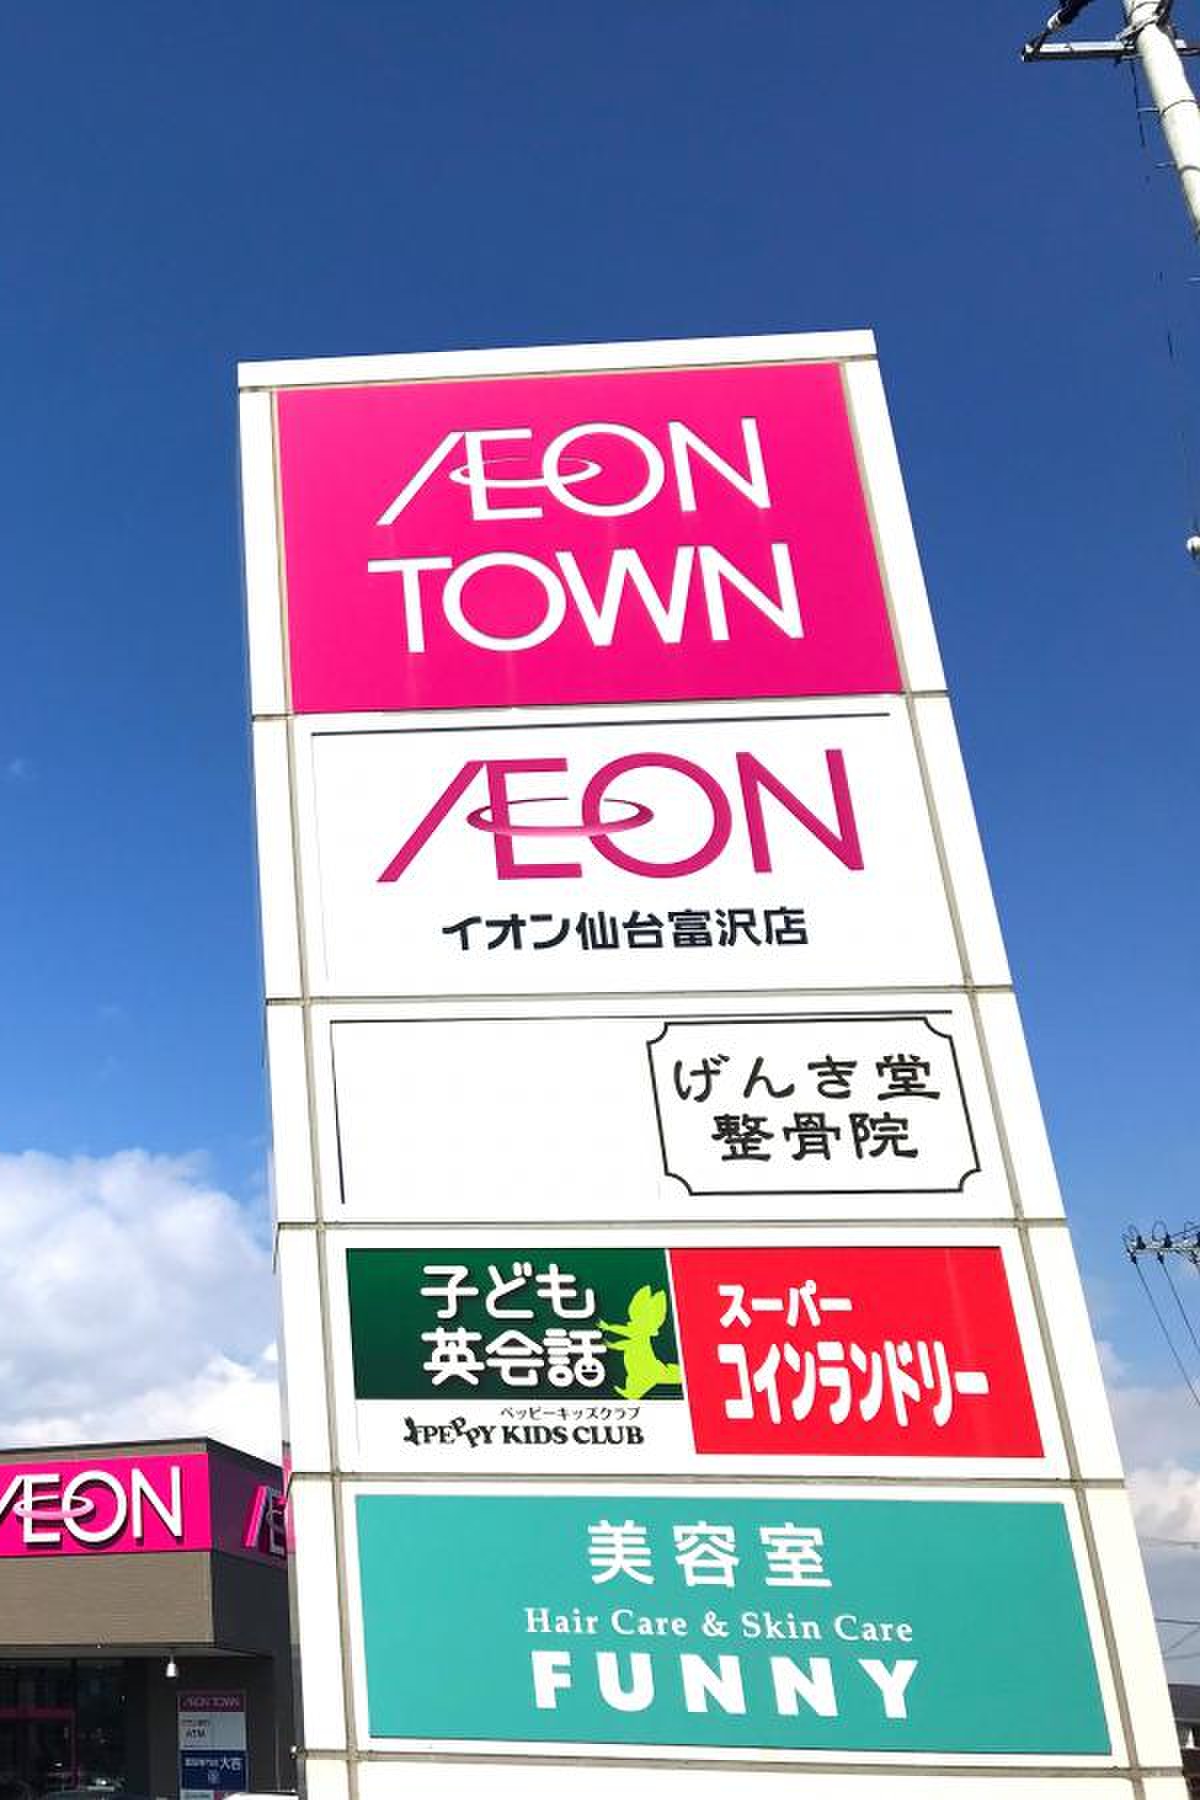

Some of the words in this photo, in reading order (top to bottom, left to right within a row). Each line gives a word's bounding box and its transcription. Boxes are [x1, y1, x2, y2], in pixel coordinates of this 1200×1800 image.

[368, 543, 804, 653] TOWN
[441, 906, 809, 951] イオン仙台富沢店
[673, 1054, 941, 1103] げんき堂
[711, 1112, 919, 1162] 整骨院
[420, 1261, 596, 1319] 子ども
[718, 1279, 852, 1328] スーパー
[420, 1327, 607, 1387] 英会話
[717, 1340, 990, 1427] コインランドリー
[422, 1416, 497, 1448] PEPPY
[503, 1425, 568, 1445] KIDS
[572, 1425, 645, 1445] CLUB
[587, 1519, 833, 1588] 美容室
[524, 1608, 599, 1634] Hair
[611, 1609, 688, 1637] Care
[702, 1613, 730, 1638] &
[742, 1612, 822, 1641] Skin
[834, 1615, 914, 1642] Care
[530, 1650, 919, 1719] FUNNY

▸ **TASK BRIEF**:
An exact copy of every entry, without pictures, should be your output.

▸ **RESULT OF THIS EXERCISE**:
Some of the words in this photo, in reading order (top to bottom, left to right within a row). Each line gives a word's bounding box and its transcription. Boxes are [x1, y1, x2, y2], in pixel coordinates of this 1200×1800 image.

[368, 543, 804, 653] TOWN
[441, 906, 809, 951] イオン仙台富沢店
[673, 1054, 941, 1103] げんき堂
[711, 1112, 919, 1162] 整骨院
[420, 1261, 596, 1319] 子ども
[718, 1279, 852, 1328] スーパー
[420, 1327, 607, 1387] 英会話
[717, 1340, 990, 1427] コインランドリー
[422, 1416, 497, 1448] PEPPY
[503, 1425, 568, 1445] KIDS
[572, 1425, 645, 1445] CLUB
[587, 1519, 833, 1588] 美容室
[524, 1608, 599, 1634] Hair
[611, 1609, 688, 1637] Care
[702, 1613, 730, 1638] &
[742, 1612, 822, 1641] Skin
[834, 1615, 914, 1642] Care
[530, 1650, 919, 1719] FUNNY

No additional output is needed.